* _PROBLEM DETAILS_: This task calls for every entry below to be repeated exactly, without the pictures.

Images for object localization
......

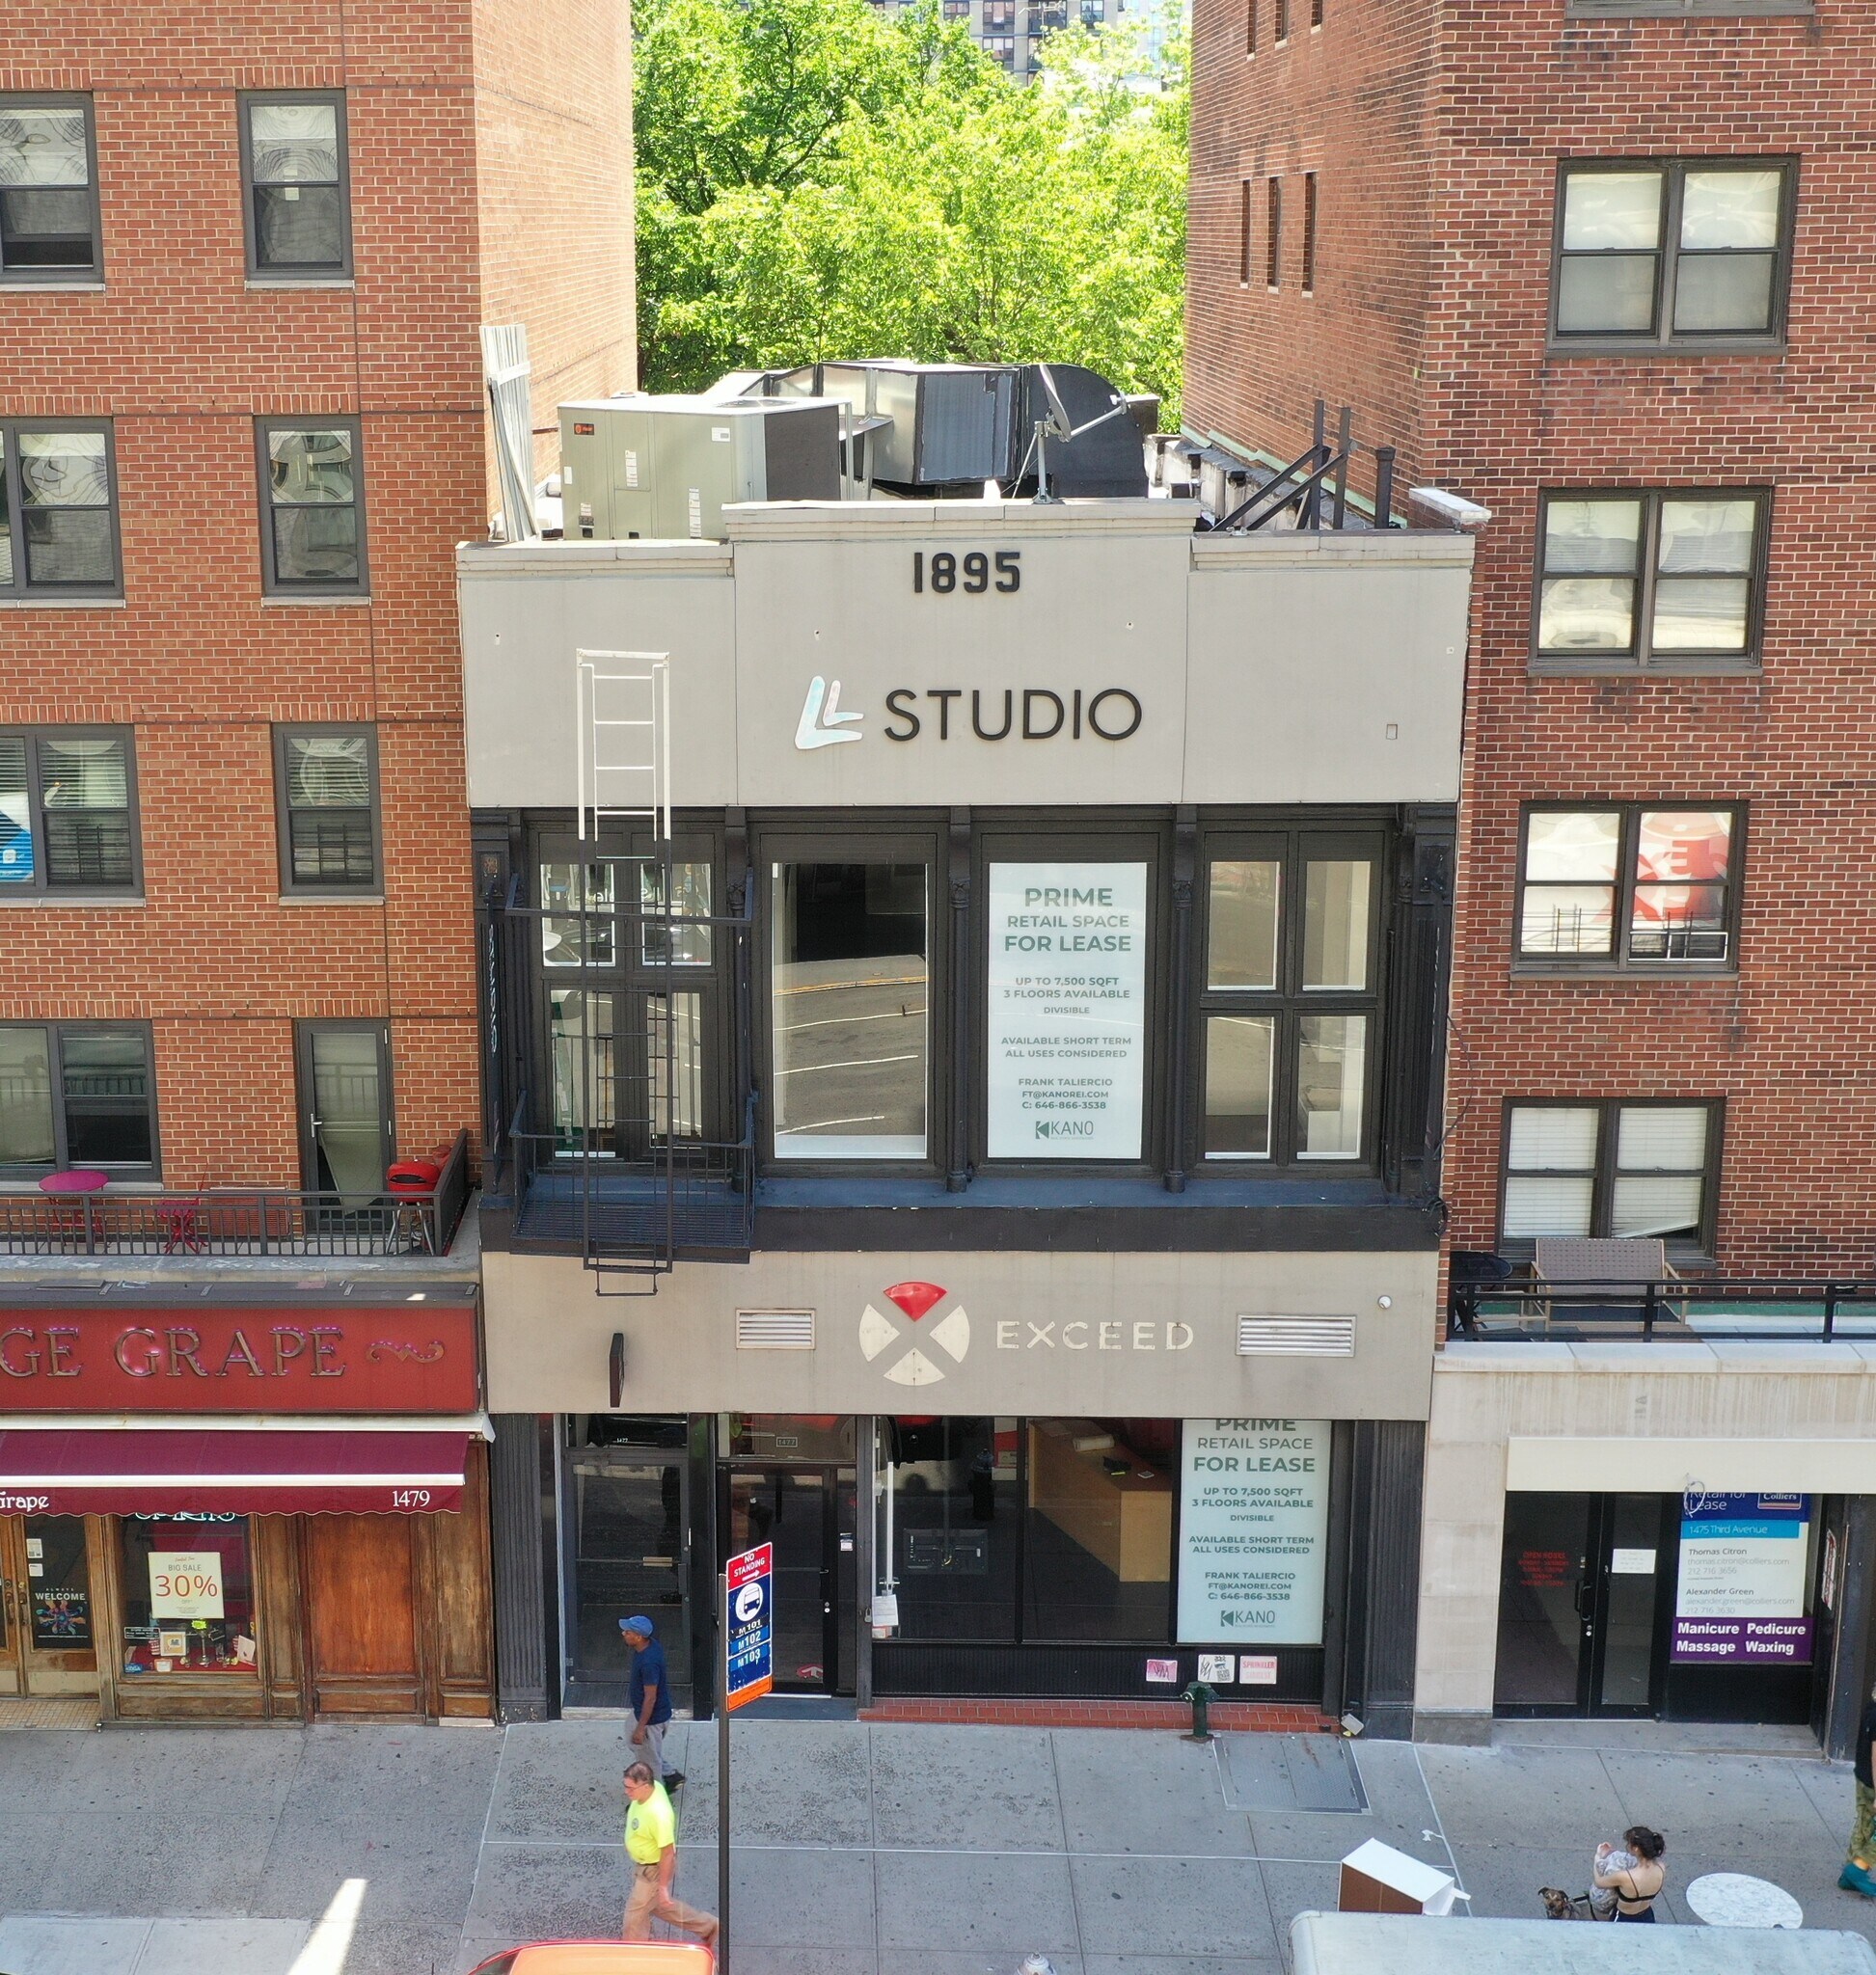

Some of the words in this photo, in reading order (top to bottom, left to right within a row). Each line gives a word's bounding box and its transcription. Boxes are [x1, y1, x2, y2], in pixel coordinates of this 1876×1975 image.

[913, 552, 1021, 593] 1895
[884, 688, 1142, 742] STUDIO
[1024, 887, 1113, 907] PRIME
[1007, 915, 1068, 928] RETAIL
[1073, 915, 1129, 928] SPACE
[1004, 935, 1052, 952] FOR
[1059, 935, 1131, 952] LEASE
[1016, 977, 1032, 986] UP
[1035, 977, 1051, 986] TO
[1054, 977, 1085, 988] 7,500
[1088, 977, 1119, 988] SQFT
[1003, 989, 1011, 998] 3
[1014, 989, 1061, 998] FLOORS
[1064, 989, 1130, 998] AVAILABLE
[1005, 1049, 1025, 1058] ALL
[1028, 1049, 1055, 1058] USES
[1058, 1049, 1128, 1058] CONSIDERED
[1022, 1091, 1109, 1099] FT@KANOREI.COM
[1021, 1101, 1032, 1110] C:
[1035, 1101, 1106, 1110] 646-866-3538
[1050, 1121, 1095, 1136] KANO
[996, 1321, 1194, 1350] EXCEED
[0, 1327, 83, 1377] GE
[115, 1327, 345, 1377] GRAPE
[1215, 1420, 1296, 1431] PRIME
[1197, 1437, 1254, 1449] RETAIL
[1259, 1438, 1314, 1449] SPACE
[1193, 1456, 1239, 1472] FOR
[1246, 1457, 1316, 1473] LEASE
[392, 1490, 430, 1507] 1479
[1240, 1488, 1271, 1497] 7,500
[1273, 1488, 1303, 1498] SQFT
[1192, 1499, 1199, 1507] 3
[1202, 1499, 1247, 1507] FLOORS
[1249, 1500, 1314, 1508] AVAILABLE
[1690, 1500, 1727, 1510] Lease
[1690, 1525, 1710, 1534] 1475
[1710, 1525, 1730, 1533] Third
[1731, 1525, 1768, 1533] Avenue
[1248, 1535, 1284, 1544] SHORT
[1242, 1546, 1310, 1555] CONSIDERED
[744, 1553, 755, 1564] NO
[734, 1557, 766, 1578] STANDING
[155, 1575, 218, 1597] 30%
[35, 1592, 86, 1601] WELCOME
[1220, 1592, 1291, 1601] 646-866-3538
[1235, 1610, 1276, 1624] KANO
[738, 1619, 762, 1635] M101
[1678, 1622, 1740, 1634] Manicure
[1747, 1623, 1806, 1635] Pedicure
[738, 1631, 762, 1650] M102
[1676, 1640, 1736, 1655] Massage
[1746, 1641, 1794, 1655] Waxing
[737, 1648, 761, 1668] M103

......

* _TASK RESULT_:
Some of the words in this photo, in reading order (top to bottom, left to right within a row). Each line gives a word's bounding box and its transcription. Boxes are [x1, y1, x2, y2], in pixel coordinates of this 1876×1975 image.

[913, 552, 1021, 593] 1895
[884, 688, 1142, 742] STUDIO
[1024, 887, 1113, 907] PRIME
[1007, 915, 1068, 928] RETAIL
[1073, 915, 1129, 928] SPACE
[1004, 935, 1052, 952] FOR
[1059, 935, 1131, 952] LEASE
[1016, 977, 1032, 986] UP
[1035, 977, 1051, 986] TO
[1054, 977, 1085, 988] 7,500
[1088, 977, 1119, 988] SQFT
[1003, 989, 1011, 998] 3
[1014, 989, 1061, 998] FLOORS
[1064, 989, 1130, 998] AVAILABLE
[1005, 1049, 1025, 1058] ALL
[1028, 1049, 1055, 1058] USES
[1058, 1049, 1128, 1058] CONSIDERED
[1022, 1091, 1109, 1099] FT@KANOREI.COM
[1021, 1101, 1032, 1110] C:
[1035, 1101, 1106, 1110] 646-866-3538
[1050, 1121, 1095, 1136] KANO
[996, 1321, 1194, 1350] EXCEED
[0, 1327, 83, 1377] GE
[115, 1327, 345, 1377] GRAPE
[1215, 1420, 1296, 1431] PRIME
[1197, 1437, 1254, 1449] RETAIL
[1259, 1438, 1314, 1449] SPACE
[1193, 1456, 1239, 1472] FOR
[1246, 1457, 1316, 1473] LEASE
[392, 1490, 430, 1507] 1479
[1240, 1488, 1271, 1497] 7,500
[1273, 1488, 1303, 1498] SQFT
[1192, 1499, 1199, 1507] 3
[1202, 1499, 1247, 1507] FLOORS
[1249, 1500, 1314, 1508] AVAILABLE
[1690, 1500, 1727, 1510] Lease
[1690, 1525, 1710, 1534] 1475
[1710, 1525, 1730, 1533] Third
[1731, 1525, 1768, 1533] Avenue
[1248, 1535, 1284, 1544] SHORT
[1242, 1546, 1310, 1555] CONSIDERED
[744, 1553, 755, 1564] NO
[734, 1557, 766, 1578] STANDING
[155, 1575, 218, 1597] 30%
[35, 1592, 86, 1601] WELCOME
[1220, 1592, 1291, 1601] 646-866-3538
[1235, 1610, 1276, 1624] KANO
[738, 1619, 762, 1635] M101
[1678, 1622, 1740, 1634] Manicure
[1747, 1623, 1806, 1635] Pedicure
[738, 1631, 762, 1650] M102
[1676, 1640, 1736, 1655] Massage
[1746, 1641, 1794, 1655] Waxing
[737, 1648, 761, 1668] M103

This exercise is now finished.